• [Material for this exercise]
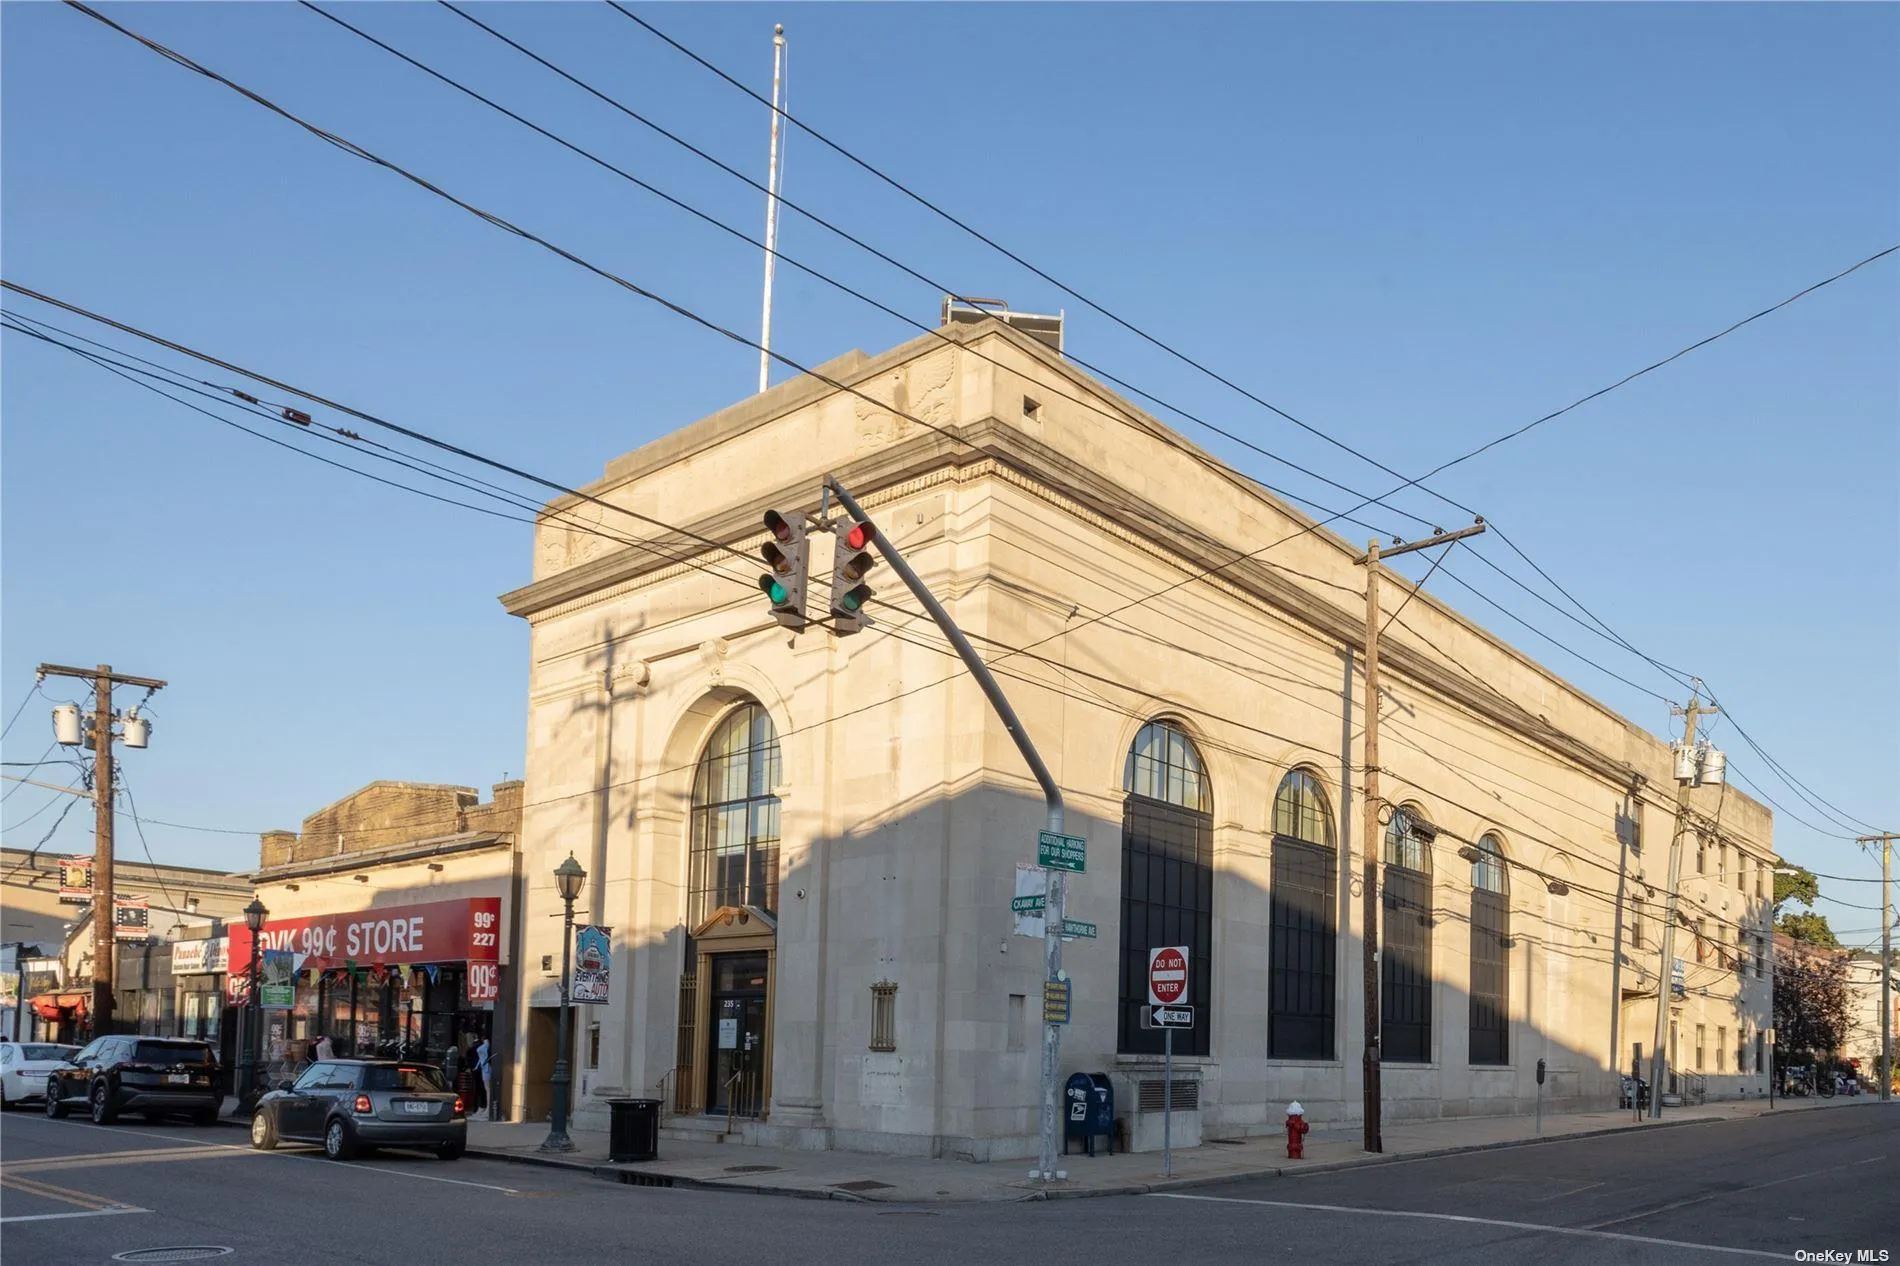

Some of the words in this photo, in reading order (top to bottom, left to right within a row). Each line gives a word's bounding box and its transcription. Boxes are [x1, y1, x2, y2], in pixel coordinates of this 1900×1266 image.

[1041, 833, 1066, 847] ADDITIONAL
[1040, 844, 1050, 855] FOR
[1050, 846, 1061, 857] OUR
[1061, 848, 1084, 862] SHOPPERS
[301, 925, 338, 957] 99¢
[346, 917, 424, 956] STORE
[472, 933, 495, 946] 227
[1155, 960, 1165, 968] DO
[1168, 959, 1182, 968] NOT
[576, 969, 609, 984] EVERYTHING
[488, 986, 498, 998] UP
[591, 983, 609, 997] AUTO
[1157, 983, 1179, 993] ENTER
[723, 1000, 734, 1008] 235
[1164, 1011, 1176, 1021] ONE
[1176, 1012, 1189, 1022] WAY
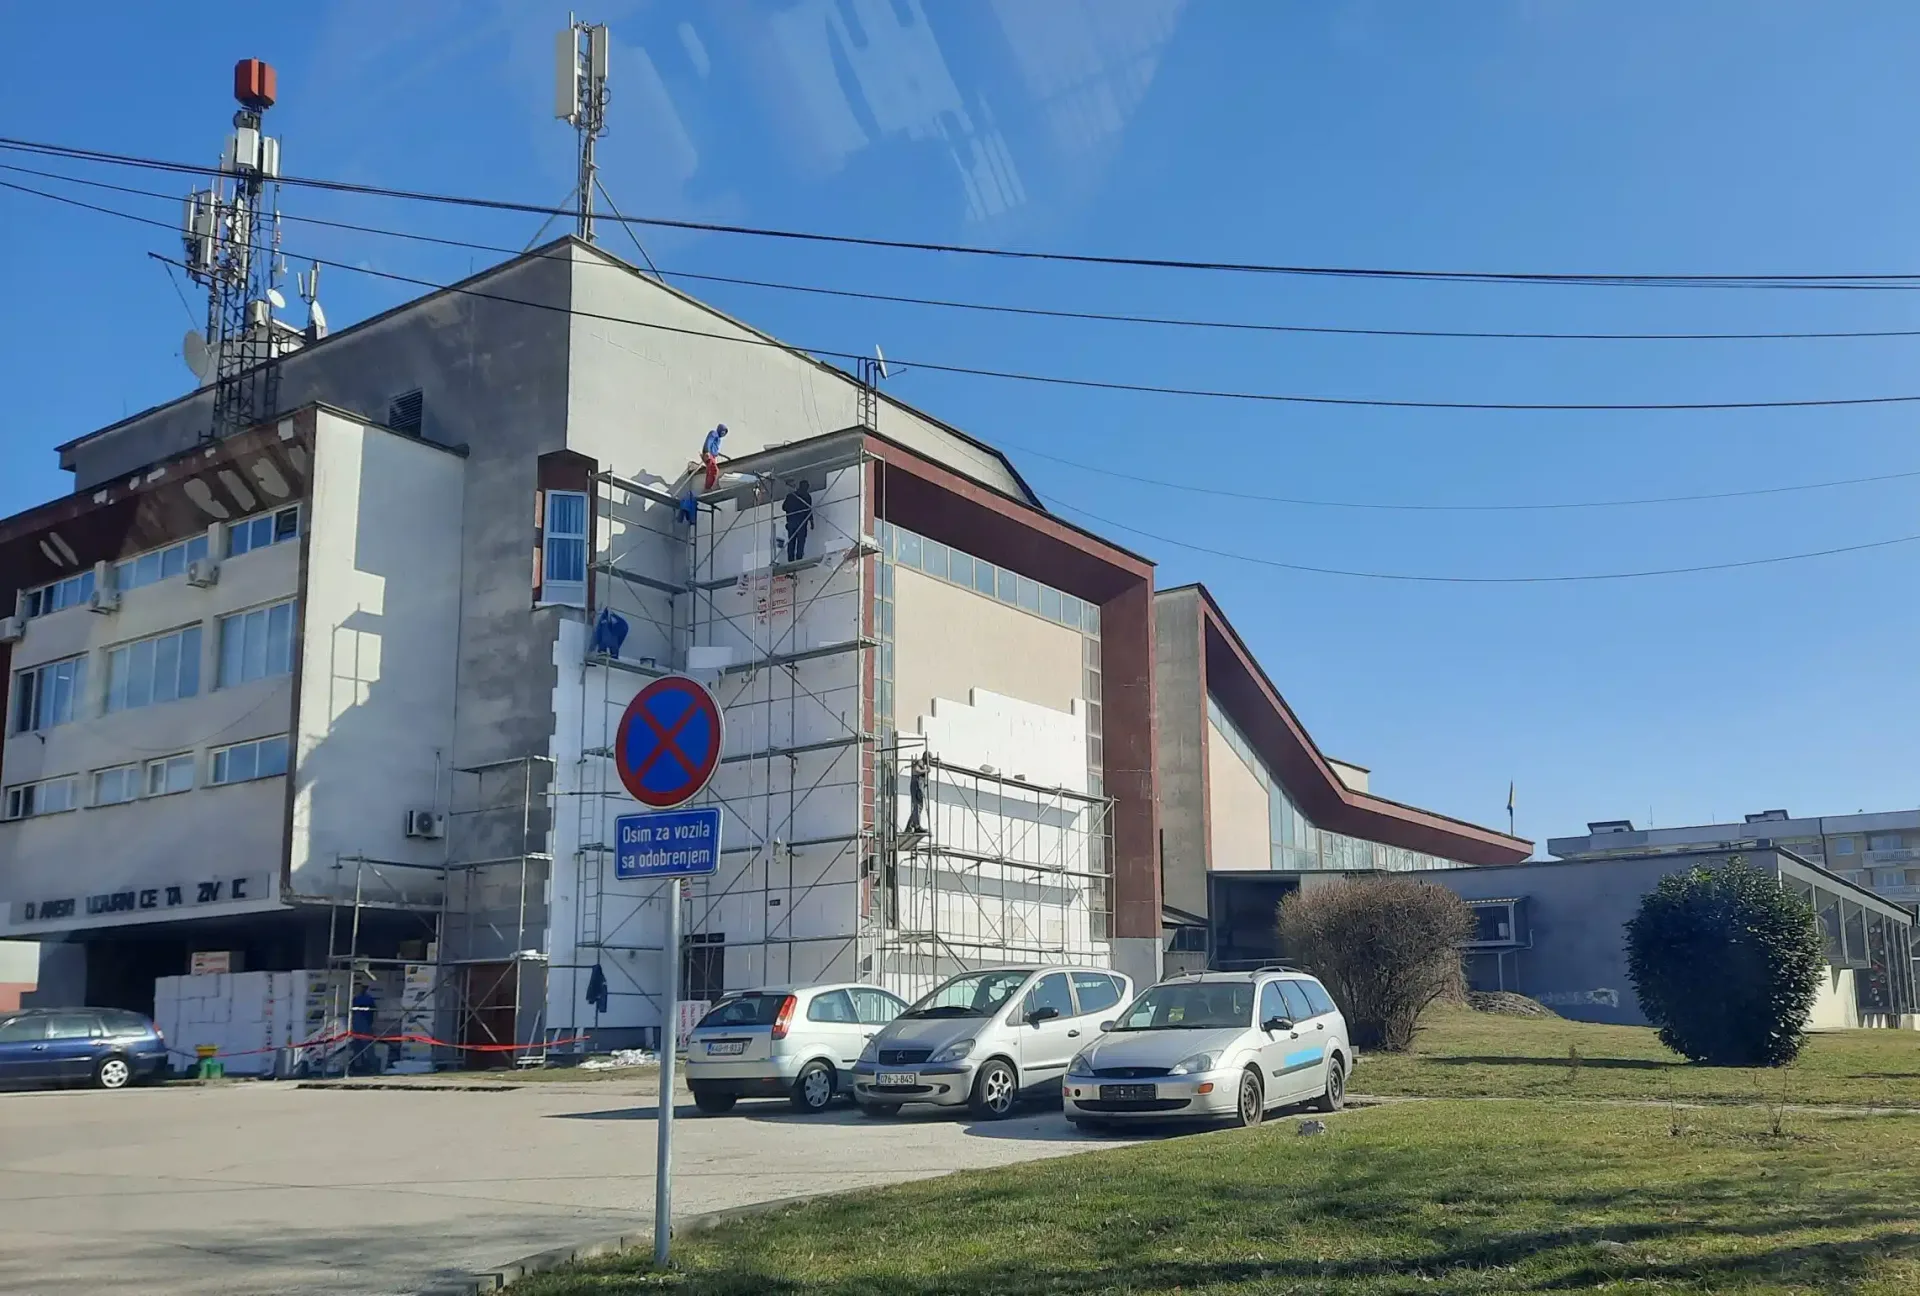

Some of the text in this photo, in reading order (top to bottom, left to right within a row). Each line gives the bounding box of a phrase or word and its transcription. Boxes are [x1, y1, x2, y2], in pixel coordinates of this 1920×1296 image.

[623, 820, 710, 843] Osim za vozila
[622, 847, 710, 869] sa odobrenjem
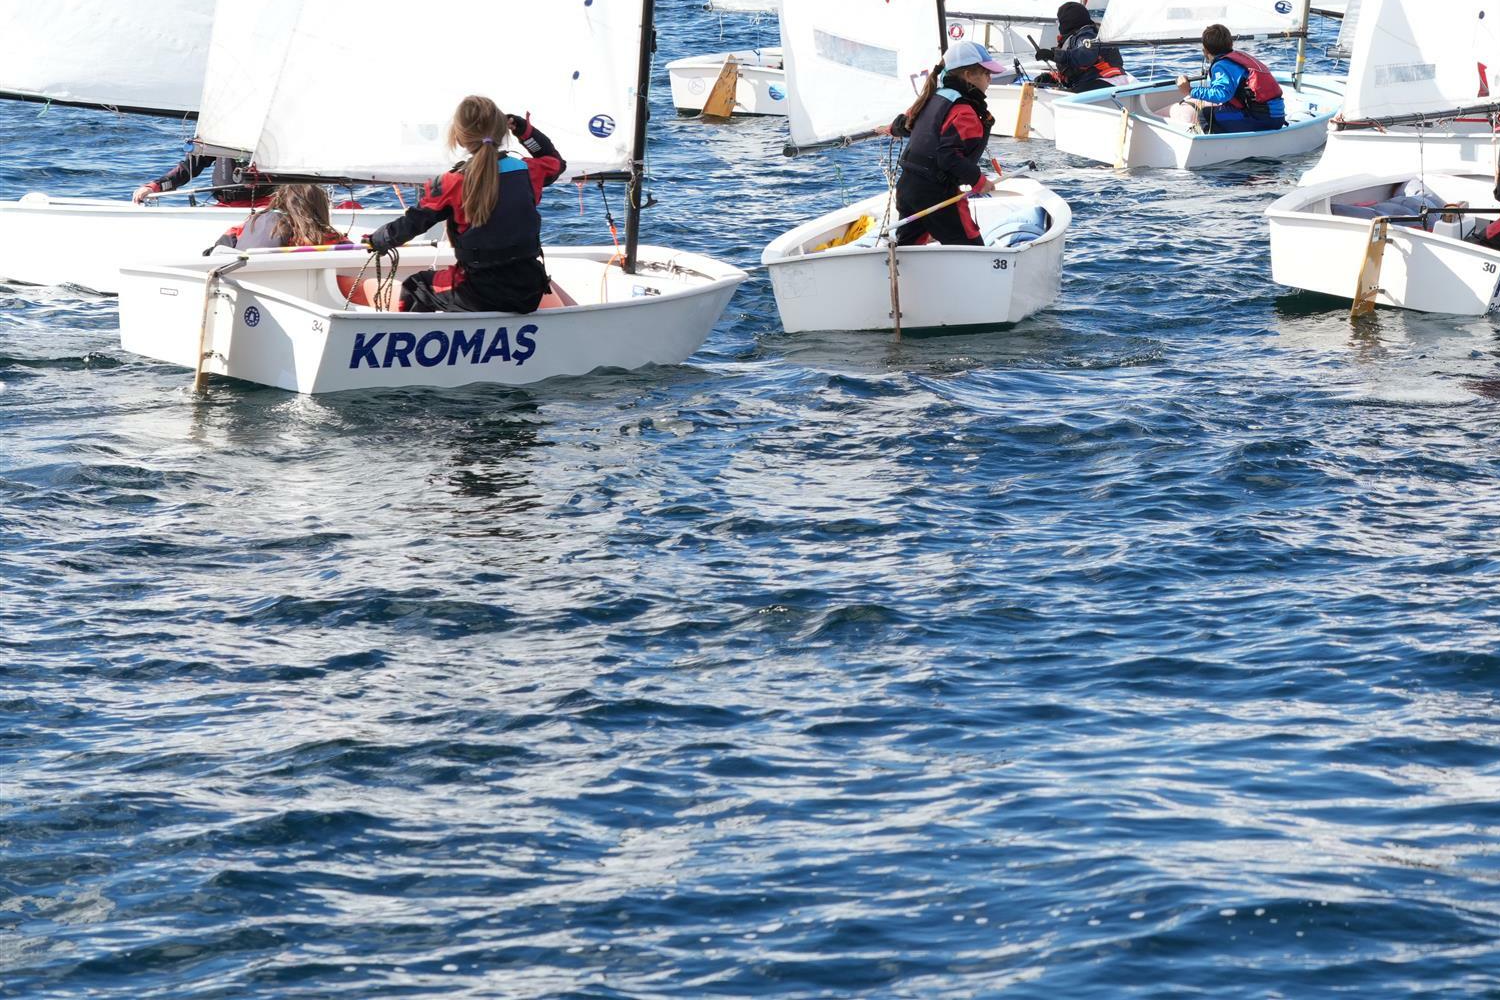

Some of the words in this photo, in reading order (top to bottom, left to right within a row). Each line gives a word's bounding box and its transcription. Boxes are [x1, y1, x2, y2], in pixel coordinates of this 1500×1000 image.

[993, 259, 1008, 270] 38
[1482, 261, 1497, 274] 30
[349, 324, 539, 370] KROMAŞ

• [Try it] Every line from the one holding "Some of the text" through the last line of the entries above, and nothing else, is to be restated word for word. Pictures stay out.

• [Exercise answer]
Some of the text in this photo, in reading order (top to bottom, left to right within a row). Each line gives the bounding box of a phrase or word and its transcription. Boxes are [x1, y1, x2, y2], in pixel coordinates of this 1920×1296 image.

[623, 820, 710, 843] Osim za vozila
[622, 847, 710, 869] sa odobrenjem

Some of the words in this photo, in reading order (top to bottom, left to right within a row). Each line gives a word's bounding box and its transcription. Boxes are [x1, y1, x2, y2], in pixel coordinates of this 1500×1000 image.

[993, 259, 1008, 270] 38
[1482, 261, 1497, 274] 30
[349, 324, 539, 370] KROMAŞ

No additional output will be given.